12)   Check Box if the Aggregate Amount in Row (11) Excludes Certain Shares [ ]

13)   Percent of Class Represented by Amount in Row (11)

      8.9%

14)   Type of Reporting Person

      CO

                                  SCHEDULE 13D
                            ELSTREE NOMINEES PTY LTD


Item 1      Security and Issuer

            No Par Value Common Stock ("the Shares") of Kestrel Energy, Inc.
            (the "Company"), 999 18th Street, Suite 2490, Denver, Colorado 80202

Item 2      Identity and Background

            (a)   Name:             Elstree Nominees Pty Ltd

            (b)   Business          8 Elstree Avenue
                  Address:          Meora 6050
                                    WESTERN AUSTRALIA





            (c)   Principal
                  Business and
                  Place of
                  Organization:     A privately held financial services company
                                    incorporated in Australia

            (d)   Criminal
                  Proceedings:      None

            (e)   Civil
                  Proceedings:      None

        DIRECTORS AND EXECUTIVE OFFICERS OF REPORTING PERSON:

            (a)   Name:             Denis Ivan Rakich, Company Director

            (b)   Business
                  Address:          36th Floor, Exchange Plaza
                                    2 The Esplanade
                                    Perth 6000
                                    WESTERN AUSTRALIA

            (c)   Principal
                  Occupation,
                  Name of Business,
                  Principal Business
                  and Address:      Company Secretary and Sole Owner of
                                    Elstree Nominees Pty Ltd.
                                    Same Address as Above

            (d)   Criminal
                  Proceedings:      None

            (e)   Civil
                  Proceedings:      None

            (f)   Citizenship:      Australian


Item 3.     Source and Amount of Funds or Other Consideration

            Effective March 28, 2002, in a private placement by the Issuer, the
            Reporting Person acquired 515,000 units consisting of 515,000 Shares
            and a warrant to purchase up to an additional 515,000 Shares (the
            "Warrant") in exchange for existing debt of the Company of $360,500,
            including accrued interest(the "Debt"), owed to the Reporting
            Person. The Warrant is not exercisable if and to the extent that the





            Reporting Person would, by such exercise or otherwise, be the
            beneficial owner of more than 8.99% of the Shares. The Debt was
            assigned to the Reporting Person by Victoria Petroleum N.L. ("VP")
            in exchange for an obligation to pay VP the sum of $350,000 together
            with interest at the rate of 7.5% per annum from October 31, 2001
            until paid in full.

Item 4.     Purpose of Transaction

            The Shares were acquired for investment purposes.

            (a)   None.
            (b)   None.
            (c)   None.
            (d)   None.
            (e)   None.
            (f)   None.
            (g)   None.
            (h)   None.
            (i)   None.
            (j)   None.

Item 5.     Interest in Securities of the Issuer

            (a)   842,000 Shares of Common Stock (8.9%) beneficially owned.

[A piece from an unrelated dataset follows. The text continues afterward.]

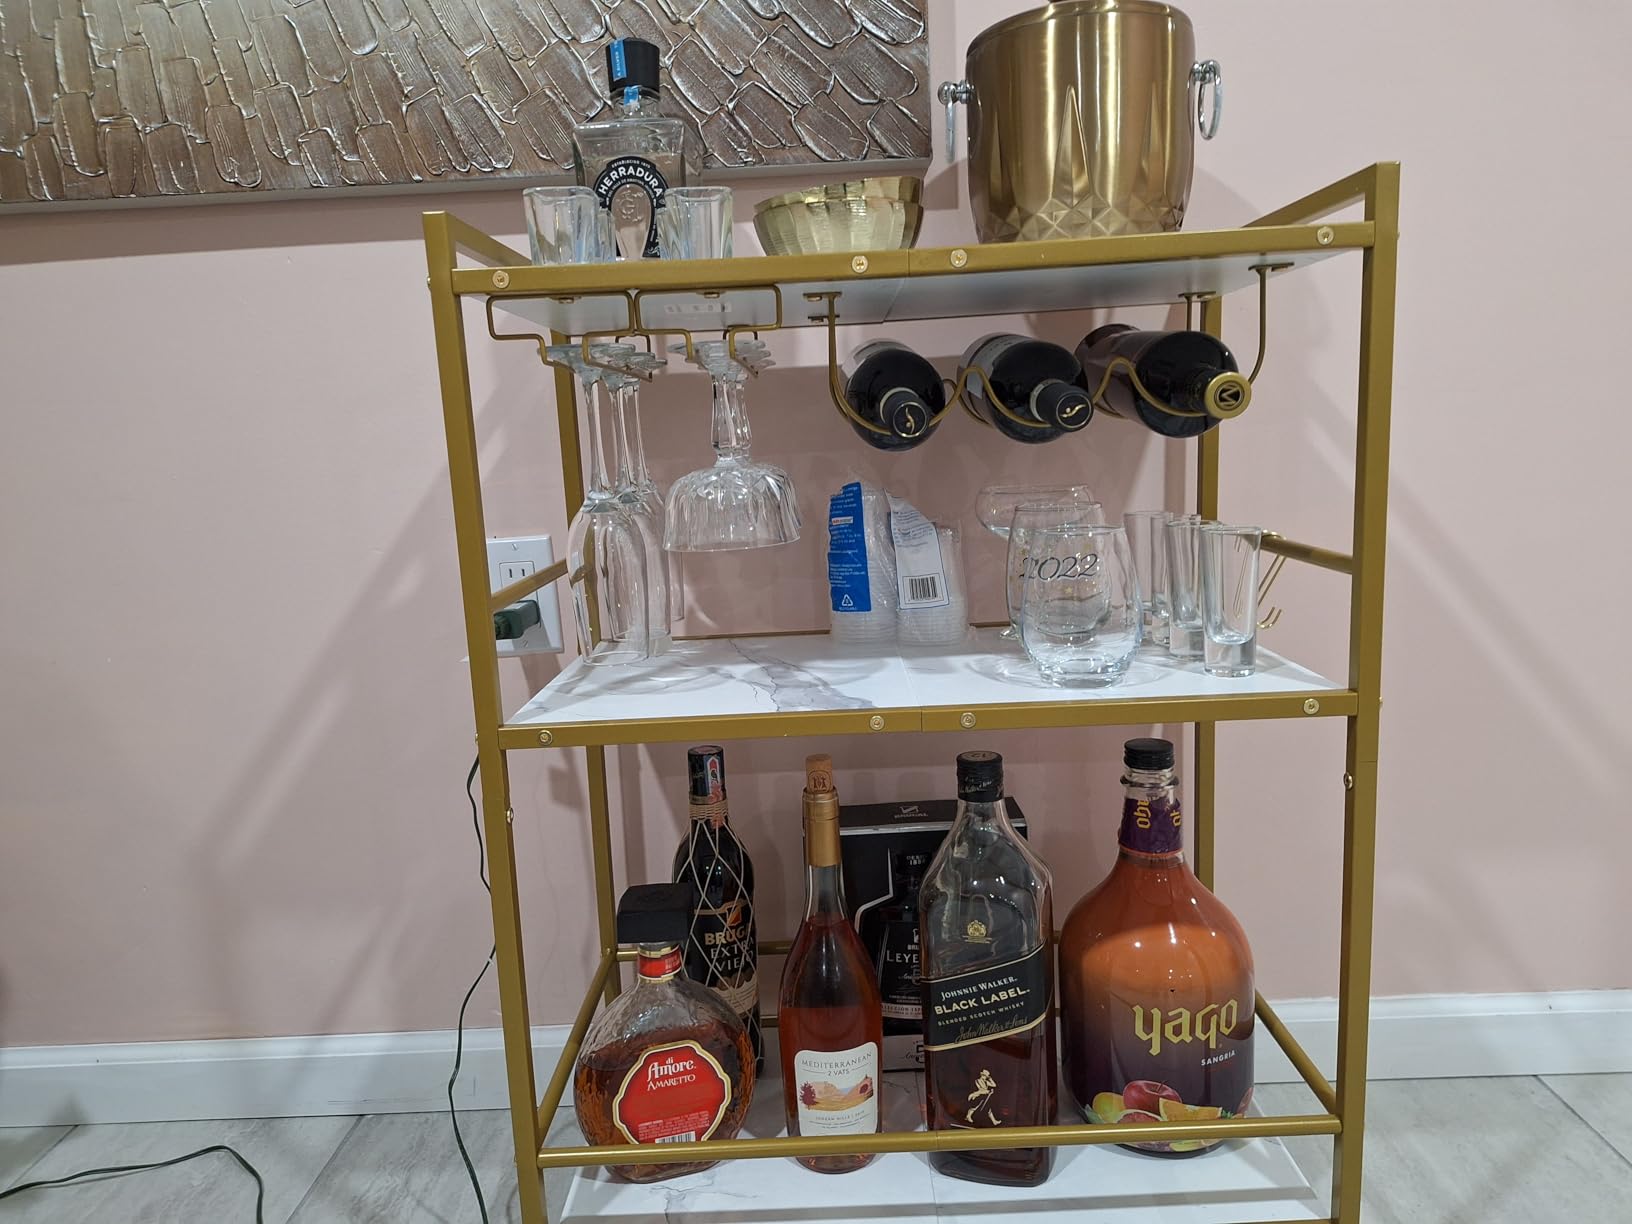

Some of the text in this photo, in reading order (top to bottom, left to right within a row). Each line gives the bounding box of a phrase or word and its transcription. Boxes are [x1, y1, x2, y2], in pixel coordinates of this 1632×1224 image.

            (b) Number of Shares as to which there is sole power to
            vote - 842,000; shared power to direct the vote - 0; sole power
            to direct the disposition - 842,000; shared power to direct the
            disposition - 0.

            (c)   See Item 3.

            (d)   None.

            (e)   Not applicable.

Item 6.     Contracts, Arrangements, Understandings or Relationships With
            Respect to Securities of the Issuer

            See Item 3.

Item 7.     Material to be filed as Exhibits

            Deed of Assignment between Victoria Petroleum N.L. and Elstree
            Nominees Pty Ltd dated March 26, 2002.





                                    SIGNATURE


      After reasonable inquiry and to the best of my knowledge and belief, I
certify that the information set forth in this statement is true, complete and
correct.

                                          ELSTREE NOMINEES PTY LTD

Date: 19 September 2002                   By:/s/Denis Ivan Rakich
                                             Denis Ivan Rakich,
                                             Company Secretary





                                    EXHIBIT A





                              DATED 26, MARCH, 2002



                              VICTORIA PETROLEUM NL
                                (ACN 008 942 827)



                                       AND



                            ELSTREE NOMINEES PTY LTD
                                (ACN 079 927 067)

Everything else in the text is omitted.